■ **WHAT THIS TASK INVOLVES**
The pictures do not belong in the copy. Restate all of the records word for word.
[Start of Attachment]
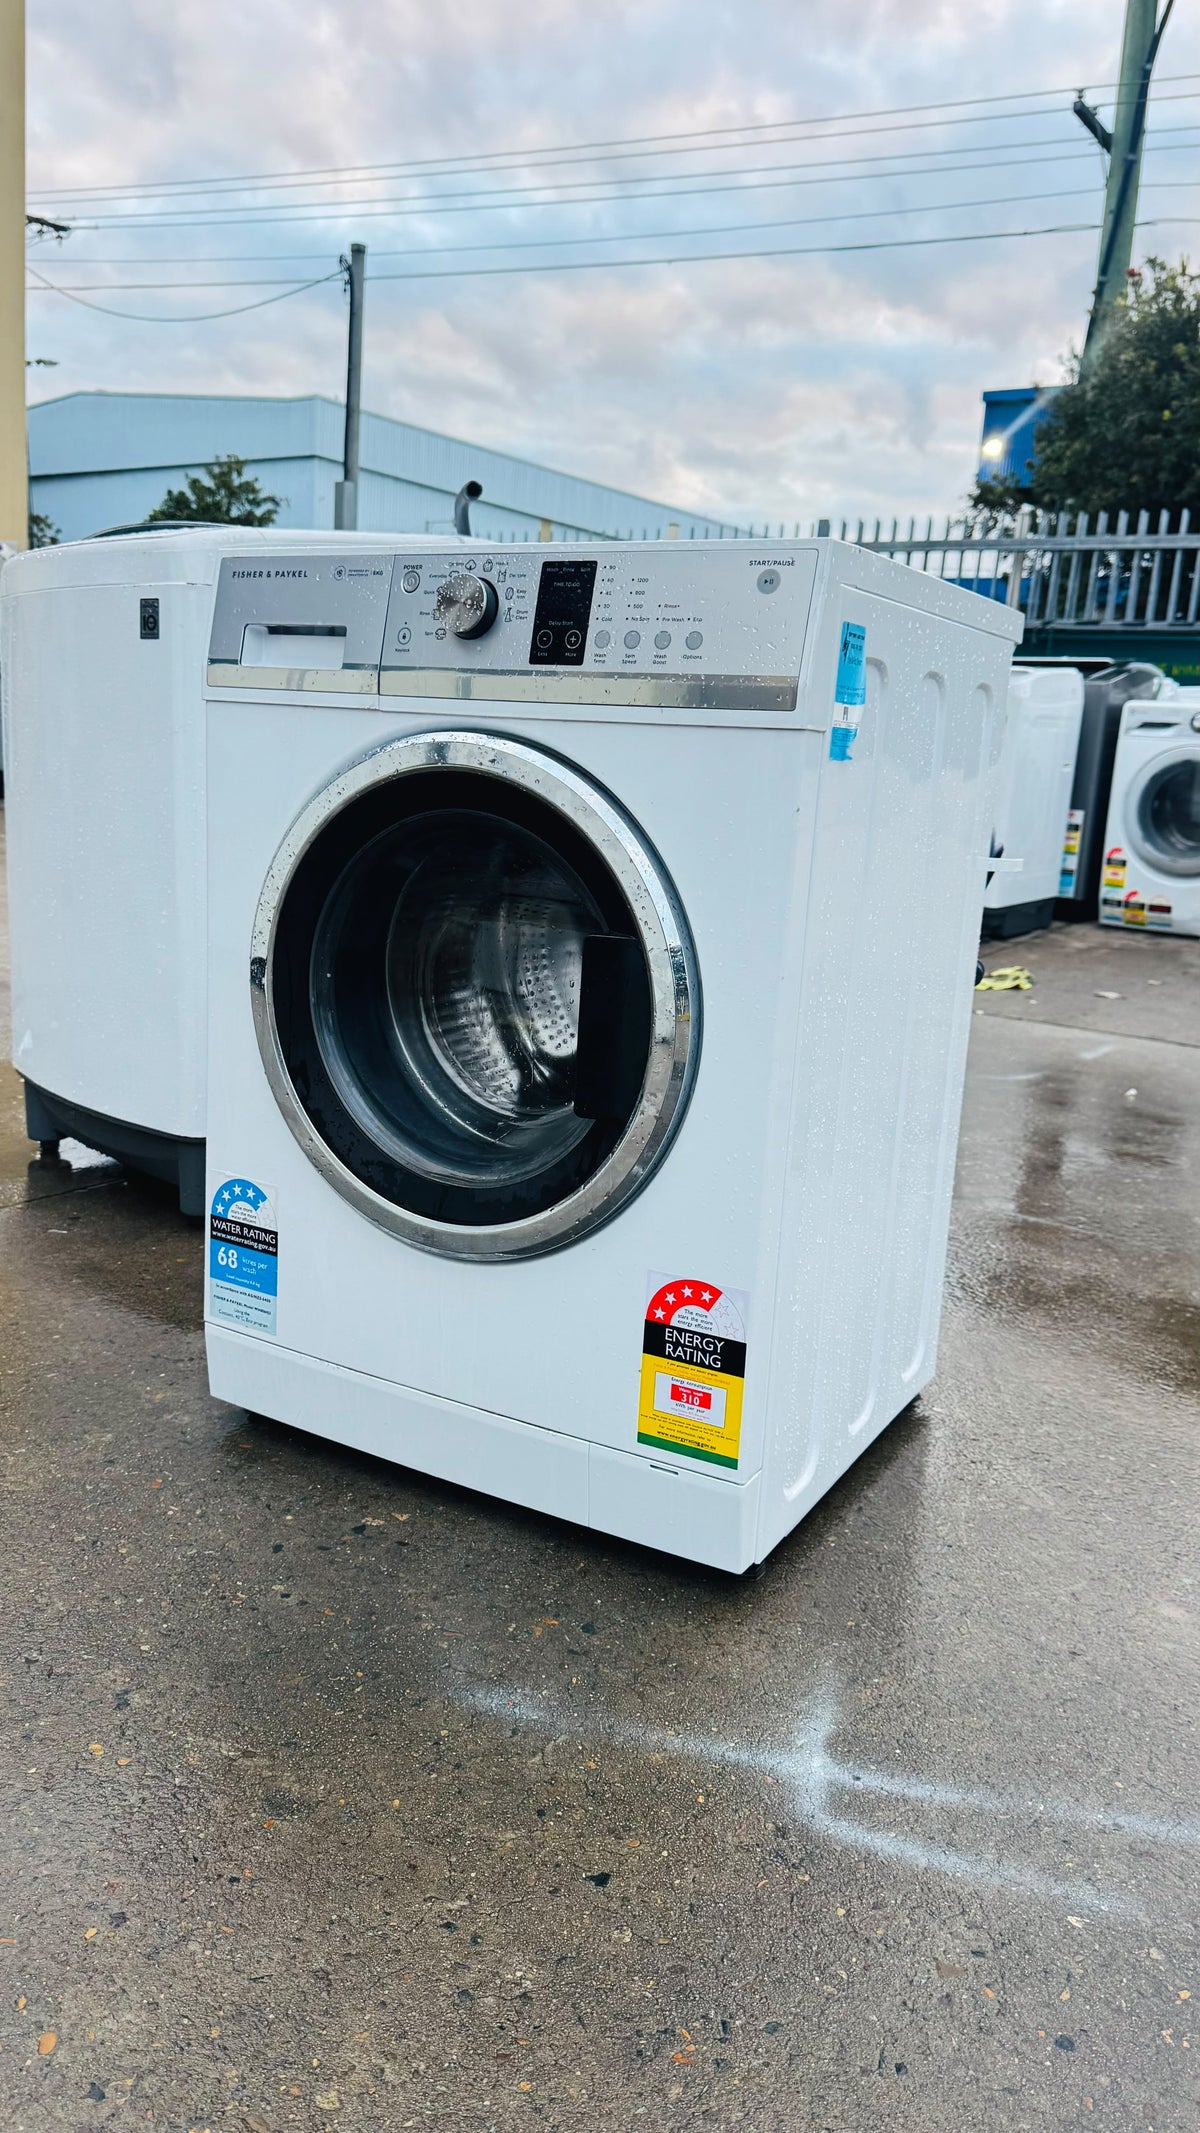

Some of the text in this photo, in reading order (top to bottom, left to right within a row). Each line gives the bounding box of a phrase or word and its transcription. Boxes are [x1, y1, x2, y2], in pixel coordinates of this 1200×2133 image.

[232, 570, 263, 579] FISHER
[274, 570, 308, 578] PAYKEL
[212, 1219, 276, 1244] WATER RATING
[212, 1231, 276, 1252] www.waterrating.gov.au
[218, 1246, 238, 1269] 68
[258, 1262, 268, 1270] per
[242, 1267, 257, 1275] wash
[677, 1320, 713, 1332] energy efficient
[665, 1328, 725, 1353] ENERGY
[665, 1343, 721, 1368] RATING
[681, 1393, 700, 1406] 310
[End of Attachment]
■ **SOLUTION TO THIS EXERCISE**
Some of the text in this photo, in reading order (top to bottom, left to right within a row). Each line gives the bounding box of a phrase or word and its transcription. Boxes are [x1, y1, x2, y2], in pixel coordinates of this 1200×2133 image.

[232, 570, 263, 579] FISHER
[274, 570, 308, 578] PAYKEL
[212, 1219, 276, 1244] WATER RATING
[212, 1231, 276, 1252] www.waterrating.gov.au
[218, 1246, 238, 1269] 68
[258, 1262, 268, 1270] per
[242, 1267, 257, 1275] wash
[677, 1320, 713, 1332] energy efficient
[665, 1328, 725, 1353] ENERGY
[665, 1343, 721, 1368] RATING
[681, 1393, 700, 1406] 310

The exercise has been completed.